Mineralogy and Incipient Pedogenesis of Entisols in Anorthosite Terrane of the San Gabriel Mountains, California

Entisols on anorthosite and associated mafic dikes in the San Gabriel Mountains were examined to determine the influence of contrasting parent materials on soil mineralogy and incipient pedogenesis. Soils are shallow Xerorthents on chaparral‐covered slopes of 50 to 65% gradient. The anorthosite is composed almost entirely of plagioclase and laumontite, a hydrothermally produced Ca‐rich zeolite. Hornblende is the major constituent of the mafic rock, while plagioclase and laumontite are much less abundant. Soil properties are strongly influenced by the parent material. Soils on the aphanitic mafic rock have much higher silt contents than those on the coarsegrained anorthosite. Calcium dominates the exchange of soils on both lithologies, but exchangeable Mg values are higher in the mafic soil than in the soil on anorthosite. A soil pH of up to one unit higher in the anorthosite‐derived soil is probably the result of the hydrolysis reaction in which the abundant, easily weathered plagioclase and zeolite weather to kaolin. Poorly crystalline kaolinite and halloysite are the dominant clay minerals in the anorthosite‐derived soil. The soil developed from mafic rock contains a large proportion of well‐crystallized trioctahedral smectite in addition to kaolin.
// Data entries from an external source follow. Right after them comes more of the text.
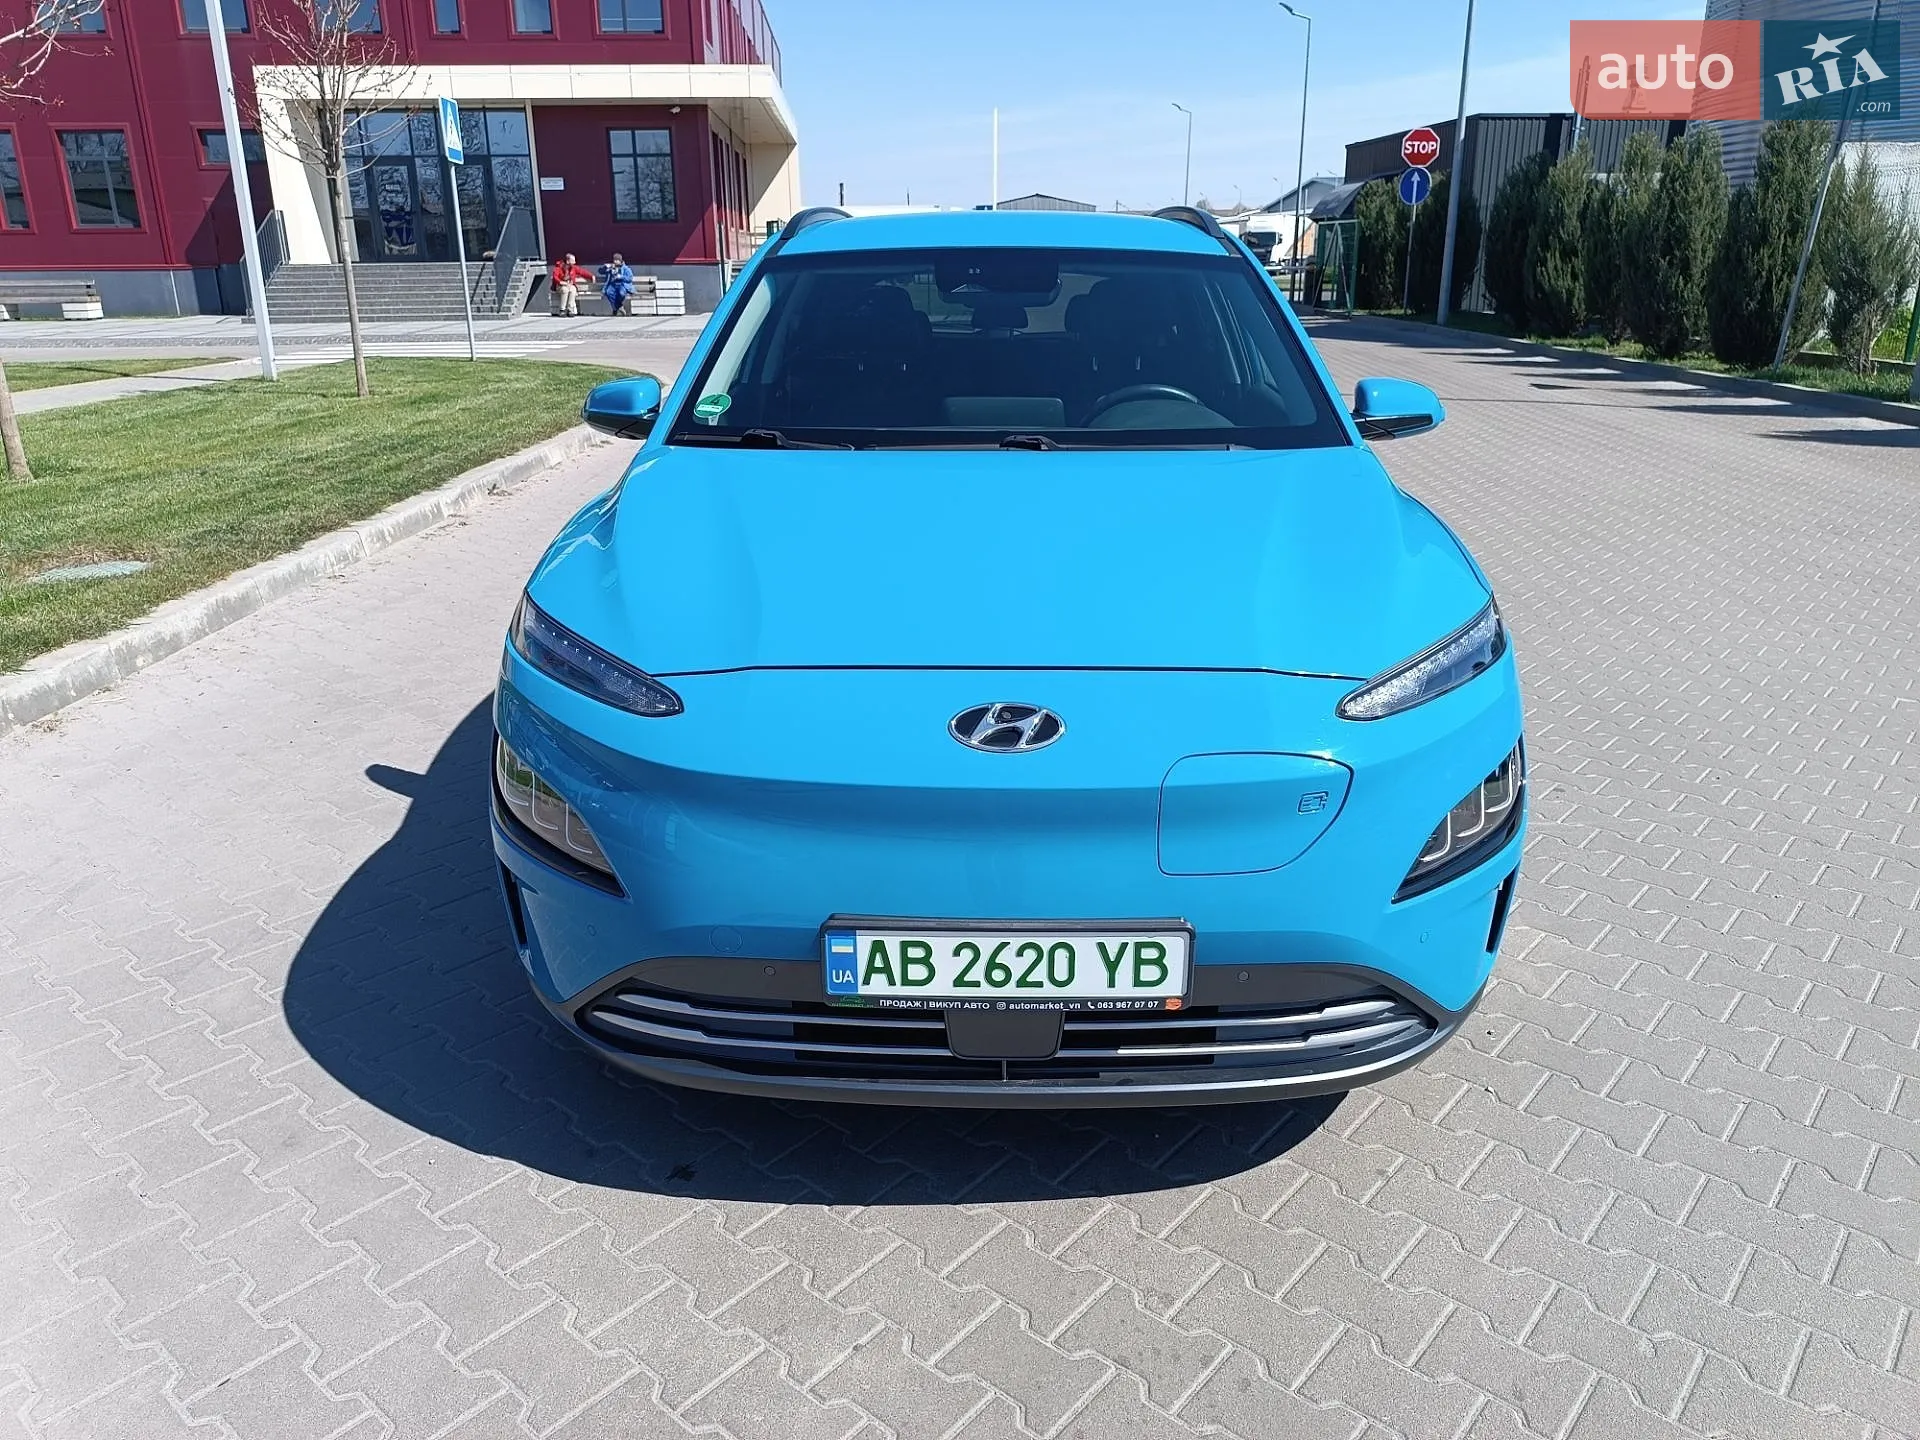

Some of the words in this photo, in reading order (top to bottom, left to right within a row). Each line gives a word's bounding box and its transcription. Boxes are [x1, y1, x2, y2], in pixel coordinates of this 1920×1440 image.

[1404, 141, 1437, 154] STOP
[862, 940, 936, 987] AB
[952, 941, 1076, 988] 2620
[1097, 941, 1169, 988] YB
[833, 969, 855, 984] UA
[879, 999, 922, 1008] ПРОДАЖ
[929, 1001, 961, 1009] ВИКУП
[1008, 1001, 1081, 1011] automarket_vn
[1097, 1001, 1114, 1009] 063
[1134, 1001, 1145, 1009] 07
[1147, 1001, 1159, 1009] 07
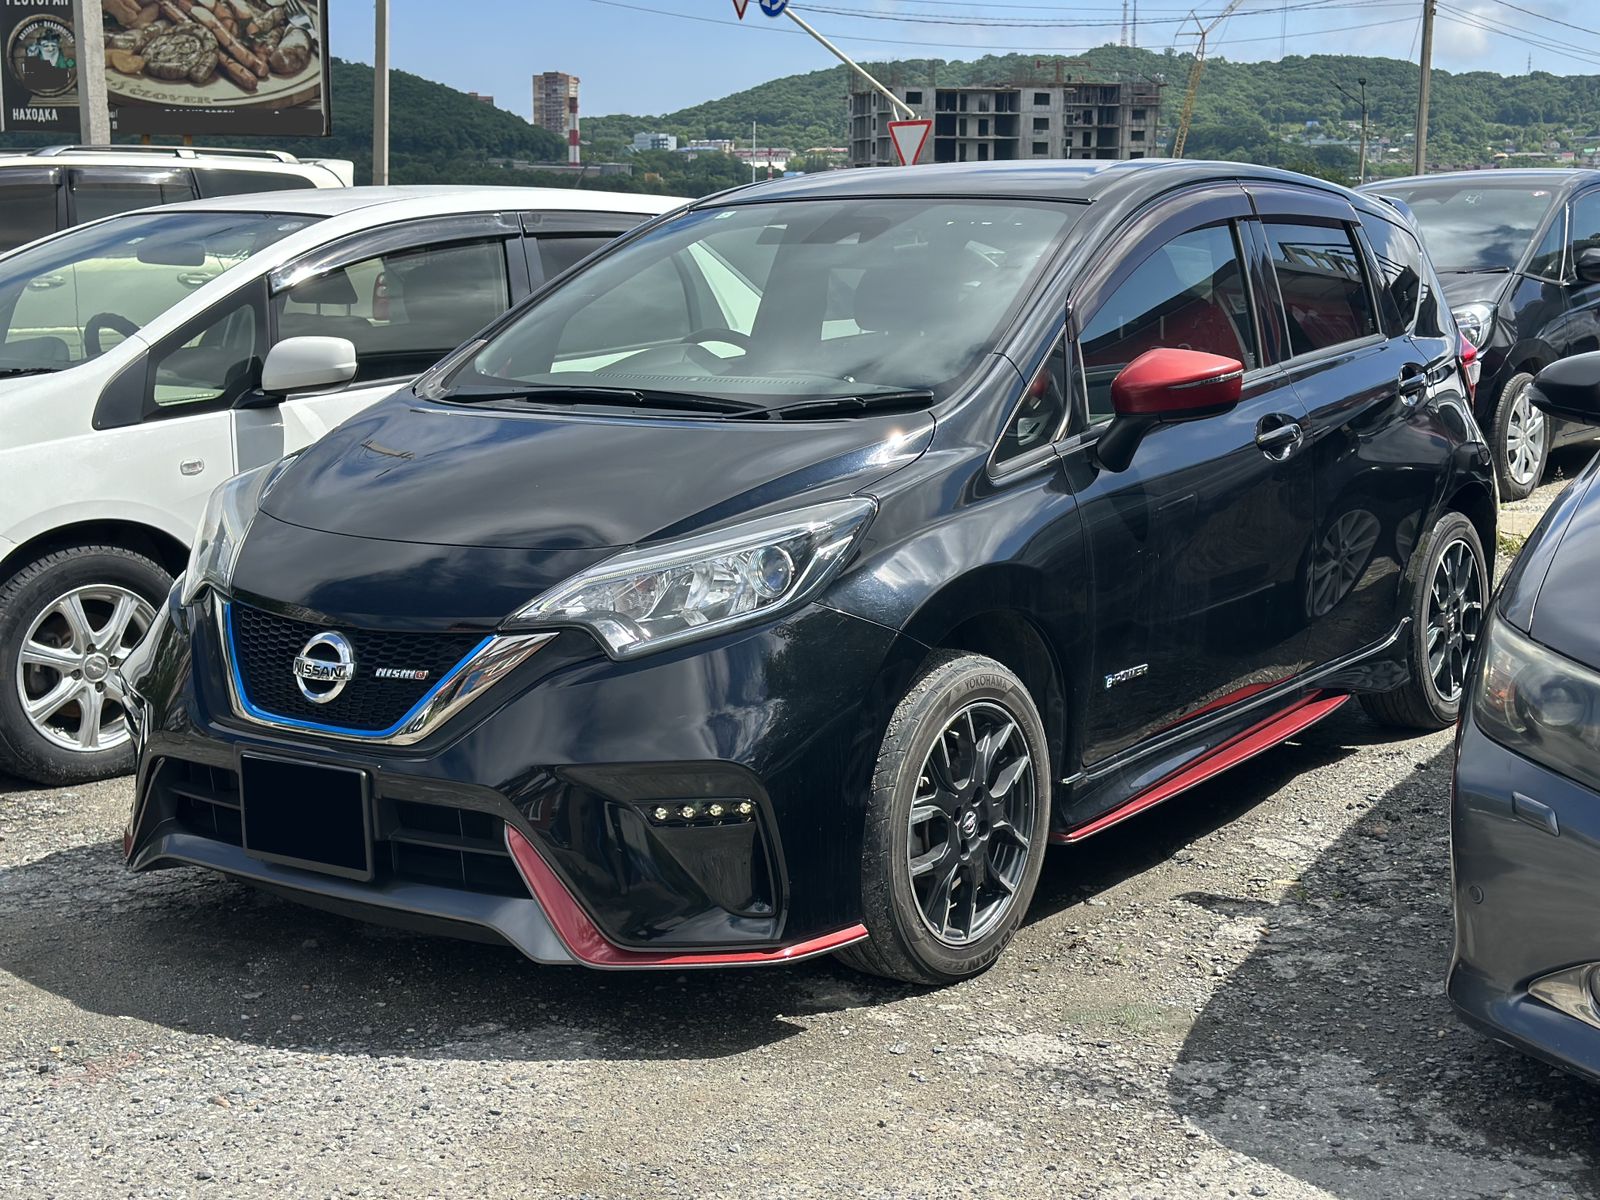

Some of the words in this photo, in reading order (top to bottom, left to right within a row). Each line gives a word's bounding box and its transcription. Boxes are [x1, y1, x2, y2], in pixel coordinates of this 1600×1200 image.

[12, 108, 58, 123] НАХОДКА
[294, 658, 347, 680] NISSAN
[964, 675, 1008, 691] YOKOHAMA
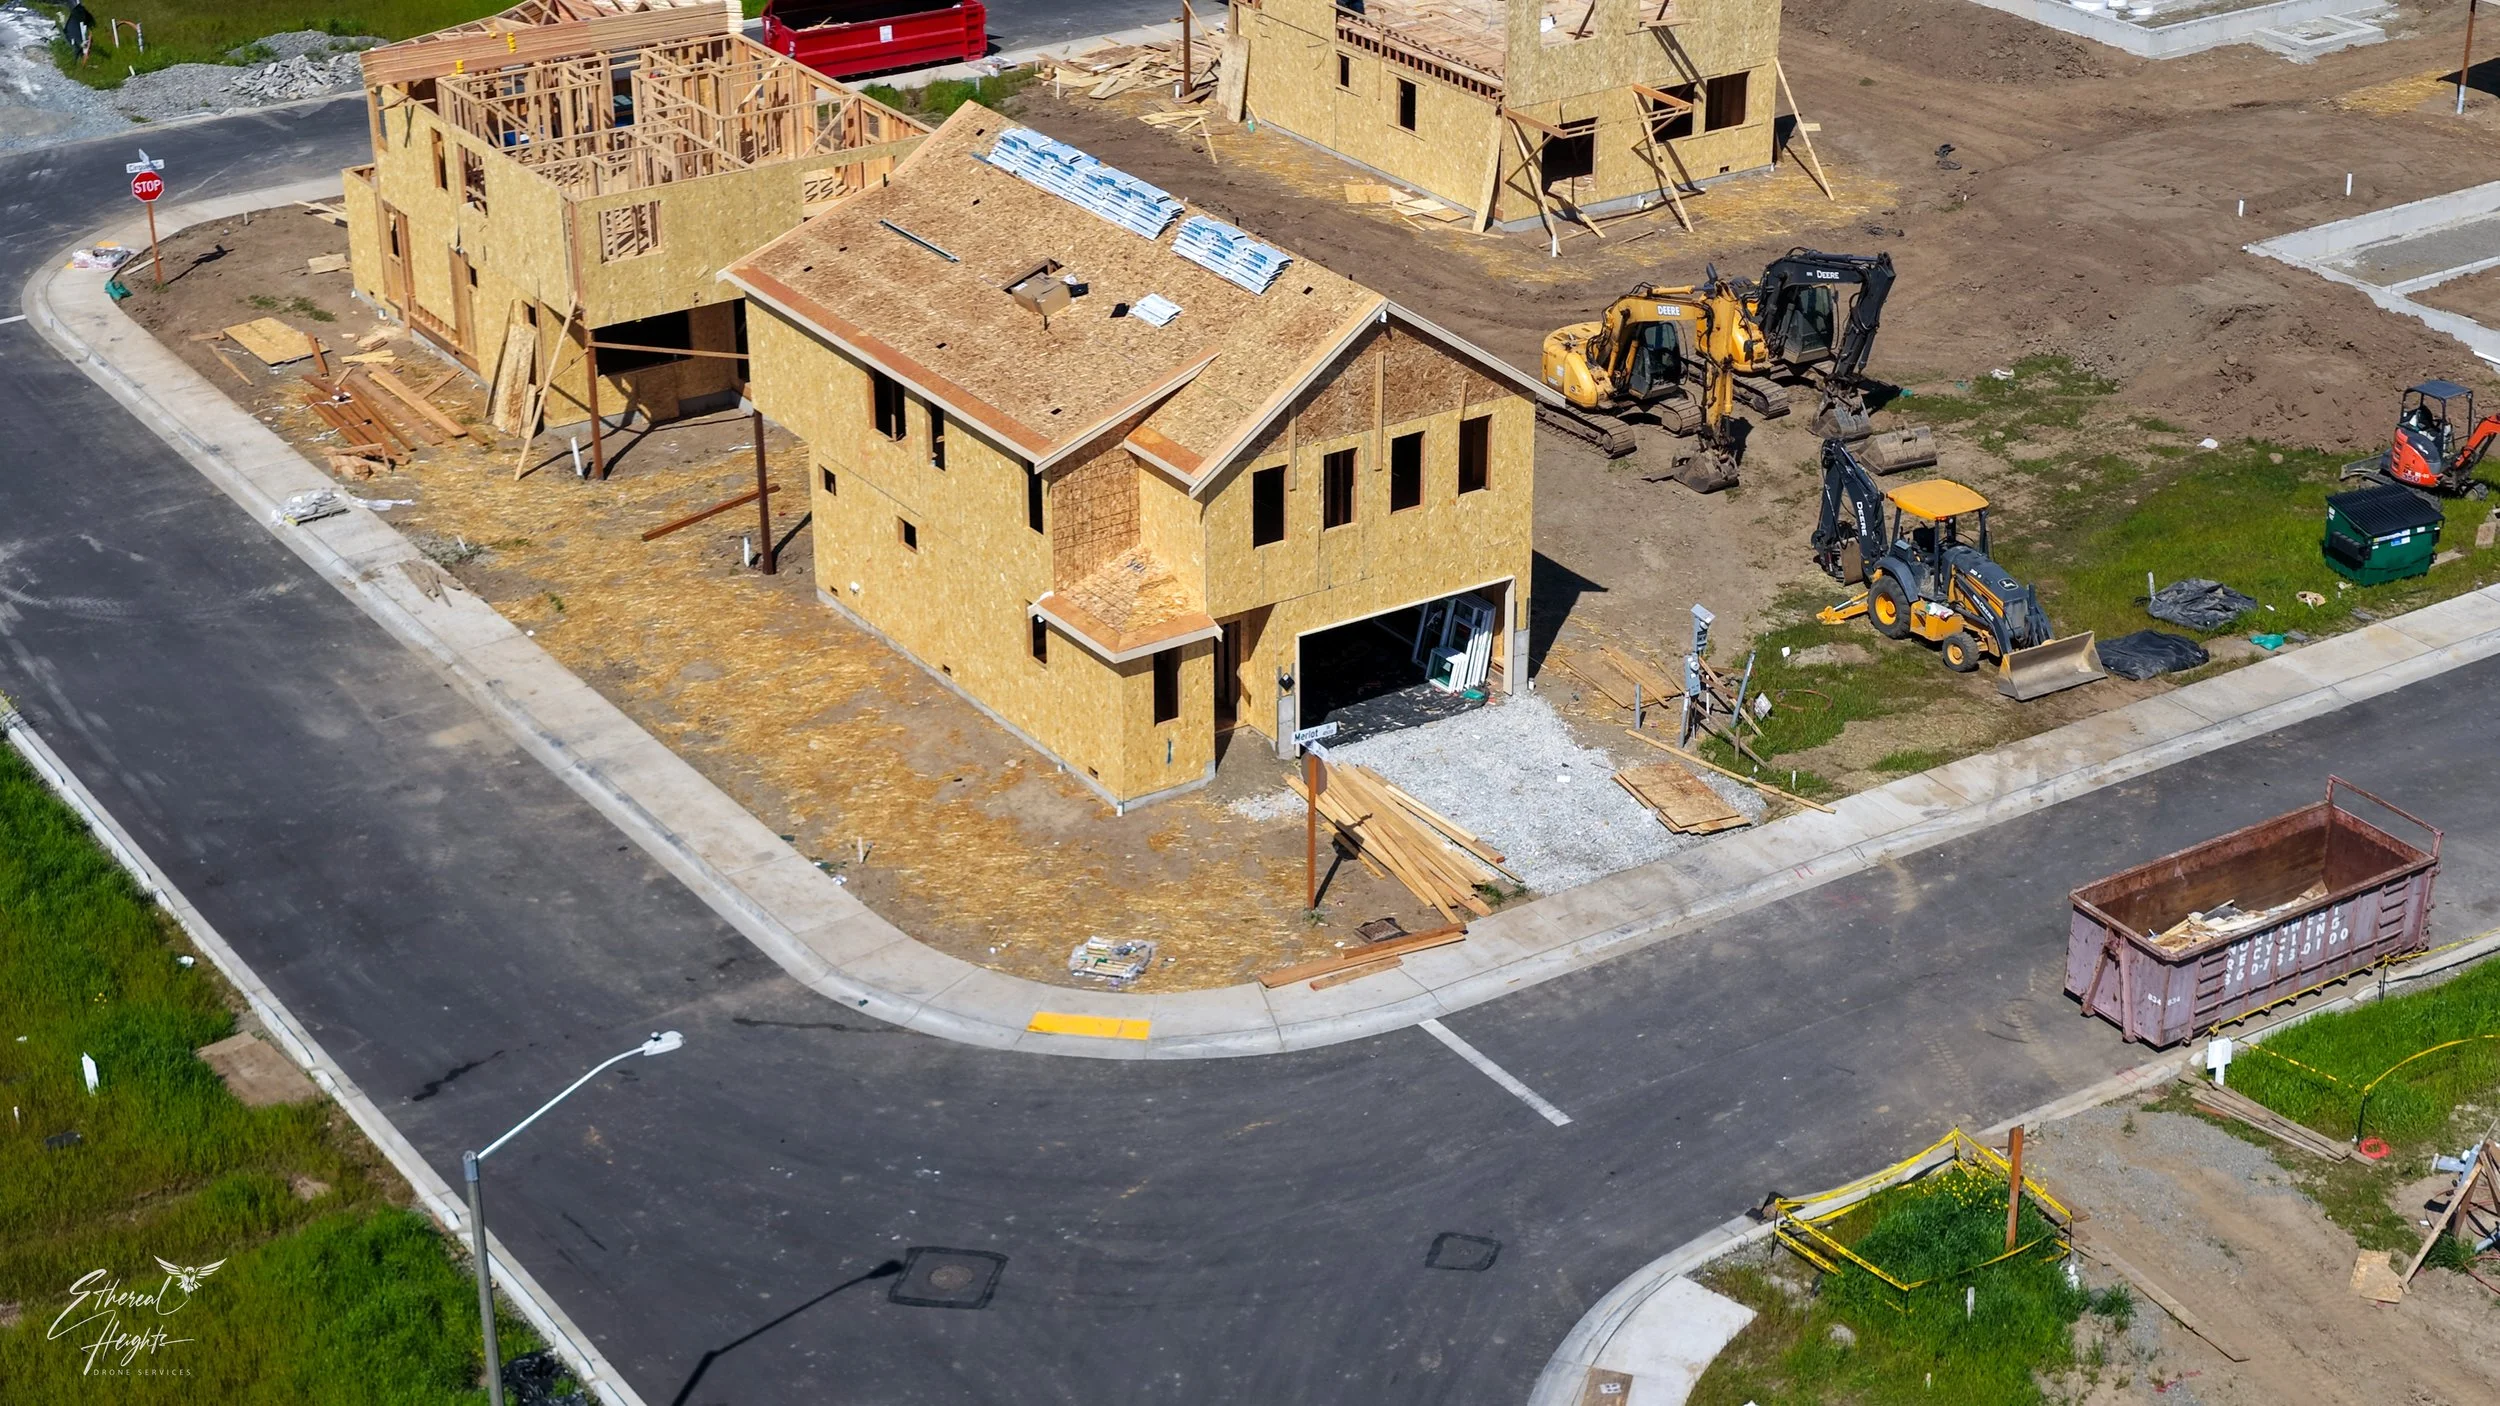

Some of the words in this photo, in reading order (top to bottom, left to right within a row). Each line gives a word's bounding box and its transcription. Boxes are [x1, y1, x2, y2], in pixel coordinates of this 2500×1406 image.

[134, 179, 161, 194] STOP
[1816, 269, 1840, 280] DEERE
[1657, 305, 1681, 316] DEERE
[1856, 501, 1868, 537] DEERE
[1294, 729, 1319, 742] Merlot
[2226, 916, 2341, 971] RECYCLING
The smectite is inherited from the mafic rock which has been somewhat hydrothermally altered. X‐ray diffraction and optical analysis of the parent rock and soil fractions coarser than clay also detected smectite and averted its misinterpretation as pedogenic. Cation exchange capacities (CEC) that are excessively high for the amount and kinds of clay present are apparently caused by CEC contributions of smectite and zeolite in the silt and sand fractions. Slight weathering of hornblende is responsible for the citrate‐bicarbonate‐dithionite‐extractable Fe, which is generally low, but is highest in the mafic soil and increases in A and AC horizons. The A and AC horizons of all soils exist in a quasi‐stable colluvial mantle and have mineral components from both lithologic sources, whereas the mineralogy of C and Cr horizons reflect only the underlying rock. Denudation rates on the steep, chaparral‐covered slopes indicate that no part of the soils, including the Cr horizons, can be older than 400 yr. Pedogenesis is inhibited by high erosion rates on this steep terrain.